• PROBLEM
Would you reproduce the entries exactly, including every line?

DATA FOR THIS EXERCISE START

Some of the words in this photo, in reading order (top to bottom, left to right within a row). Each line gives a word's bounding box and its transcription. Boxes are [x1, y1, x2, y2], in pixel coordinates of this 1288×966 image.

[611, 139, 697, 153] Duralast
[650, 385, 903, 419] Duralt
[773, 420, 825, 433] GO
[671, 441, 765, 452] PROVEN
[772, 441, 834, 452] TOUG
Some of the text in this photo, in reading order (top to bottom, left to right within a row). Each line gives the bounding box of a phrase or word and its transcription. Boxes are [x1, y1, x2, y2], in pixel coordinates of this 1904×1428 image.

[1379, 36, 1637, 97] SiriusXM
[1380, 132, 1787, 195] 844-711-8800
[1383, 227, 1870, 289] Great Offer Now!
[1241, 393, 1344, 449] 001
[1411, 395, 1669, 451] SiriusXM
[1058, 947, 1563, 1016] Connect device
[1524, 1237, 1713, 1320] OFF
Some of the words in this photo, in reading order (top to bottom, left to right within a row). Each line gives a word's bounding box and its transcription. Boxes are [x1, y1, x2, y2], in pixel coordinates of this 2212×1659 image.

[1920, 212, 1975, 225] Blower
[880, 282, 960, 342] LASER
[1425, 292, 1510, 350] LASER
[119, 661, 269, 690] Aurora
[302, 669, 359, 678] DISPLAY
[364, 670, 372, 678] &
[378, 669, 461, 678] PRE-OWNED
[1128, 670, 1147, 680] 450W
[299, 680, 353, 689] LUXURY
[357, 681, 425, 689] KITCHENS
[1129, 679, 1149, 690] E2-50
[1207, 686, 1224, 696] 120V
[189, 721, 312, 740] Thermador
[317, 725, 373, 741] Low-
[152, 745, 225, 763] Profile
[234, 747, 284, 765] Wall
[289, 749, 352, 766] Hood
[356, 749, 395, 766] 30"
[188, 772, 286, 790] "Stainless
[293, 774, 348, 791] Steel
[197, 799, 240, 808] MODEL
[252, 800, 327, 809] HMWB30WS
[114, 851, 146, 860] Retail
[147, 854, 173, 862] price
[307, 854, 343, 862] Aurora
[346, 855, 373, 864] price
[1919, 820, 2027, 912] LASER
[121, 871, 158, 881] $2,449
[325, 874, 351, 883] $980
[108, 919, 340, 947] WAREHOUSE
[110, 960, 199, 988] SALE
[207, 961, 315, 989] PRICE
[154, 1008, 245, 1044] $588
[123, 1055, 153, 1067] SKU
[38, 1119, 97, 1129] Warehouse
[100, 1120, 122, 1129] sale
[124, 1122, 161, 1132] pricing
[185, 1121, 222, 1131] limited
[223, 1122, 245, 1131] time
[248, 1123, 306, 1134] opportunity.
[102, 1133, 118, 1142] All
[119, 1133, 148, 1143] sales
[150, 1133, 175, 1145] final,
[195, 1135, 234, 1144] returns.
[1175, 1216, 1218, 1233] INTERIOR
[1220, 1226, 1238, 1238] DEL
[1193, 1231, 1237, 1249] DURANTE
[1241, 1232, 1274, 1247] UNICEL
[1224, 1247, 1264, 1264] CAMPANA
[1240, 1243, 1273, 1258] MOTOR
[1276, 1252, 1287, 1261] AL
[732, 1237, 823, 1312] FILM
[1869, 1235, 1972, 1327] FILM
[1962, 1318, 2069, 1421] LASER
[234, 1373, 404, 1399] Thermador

DATA FOR THIS EXERCISE END

• TASK SOLUTION
Some of the words in this photo, in reading order (top to bottom, left to right within a row). Each line gives a word's bounding box and its transcription. Boxes are [x1, y1, x2, y2], in pixel coordinates of this 1288×966 image.

[611, 139, 697, 153] Duralast
[650, 385, 903, 419] Duralt
[773, 420, 825, 433] GO
[671, 441, 765, 452] PROVEN
[772, 441, 834, 452] TOUG
Some of the text in this photo, in reading order (top to bottom, left to right within a row). Each line gives the bounding box of a phrase or word and its transcription. Boxes are [x1, y1, x2, y2], in pixel coordinates of this 1904×1428 image.

[1379, 36, 1637, 97] SiriusXM
[1380, 132, 1787, 195] 844-711-8800
[1383, 227, 1870, 289] Great Offer Now!
[1241, 393, 1344, 449] 001
[1411, 395, 1669, 451] SiriusXM
[1058, 947, 1563, 1016] Connect device
[1524, 1237, 1713, 1320] OFF
Some of the words in this photo, in reading order (top to bottom, left to right within a row). Each line gives a word's bounding box and its transcription. Boxes are [x1, y1, x2, y2], in pixel coordinates of this 2212×1659 image.

[1920, 212, 1975, 225] Blower
[880, 282, 960, 342] LASER
[1425, 292, 1510, 350] LASER
[119, 661, 269, 690] Aurora
[302, 669, 359, 678] DISPLAY
[364, 670, 372, 678] &
[378, 669, 461, 678] PRE-OWNED
[1128, 670, 1147, 680] 450W
[299, 680, 353, 689] LUXURY
[357, 681, 425, 689] KITCHENS
[1129, 679, 1149, 690] E2-50
[1207, 686, 1224, 696] 120V
[189, 721, 312, 740] Thermador
[317, 725, 373, 741] Low-
[152, 745, 225, 763] Profile
[234, 747, 284, 765] Wall
[289, 749, 352, 766] Hood
[356, 749, 395, 766] 30"
[188, 772, 286, 790] "Stainless
[293, 774, 348, 791] Steel
[197, 799, 240, 808] MODEL
[252, 800, 327, 809] HMWB30WS
[114, 851, 146, 860] Retail
[147, 854, 173, 862] price
[307, 854, 343, 862] Aurora
[346, 855, 373, 864] price
[1919, 820, 2027, 912] LASER
[121, 871, 158, 881] $2,449
[325, 874, 351, 883] $980
[108, 919, 340, 947] WAREHOUSE
[110, 960, 199, 988] SALE
[207, 961, 315, 989] PRICE
[154, 1008, 245, 1044] $588
[123, 1055, 153, 1067] SKU
[38, 1119, 97, 1129] Warehouse
[100, 1120, 122, 1129] sale
[124, 1122, 161, 1132] pricing
[185, 1121, 222, 1131] limited
[223, 1122, 245, 1131] time
[248, 1123, 306, 1134] opportunity.
[102, 1133, 118, 1142] All
[119, 1133, 148, 1143] sales
[150, 1133, 175, 1145] final,
[195, 1135, 234, 1144] returns.
[1175, 1216, 1218, 1233] INTERIOR
[1220, 1226, 1238, 1238] DEL
[1193, 1231, 1237, 1249] DURANTE
[1241, 1232, 1274, 1247] UNICEL
[1224, 1247, 1264, 1264] CAMPANA
[1240, 1243, 1273, 1258] MOTOR
[1276, 1252, 1287, 1261] AL
[732, 1237, 823, 1312] FILM
[1869, 1235, 1972, 1327] FILM
[1962, 1318, 2069, 1421] LASER
[234, 1373, 404, 1399] Thermador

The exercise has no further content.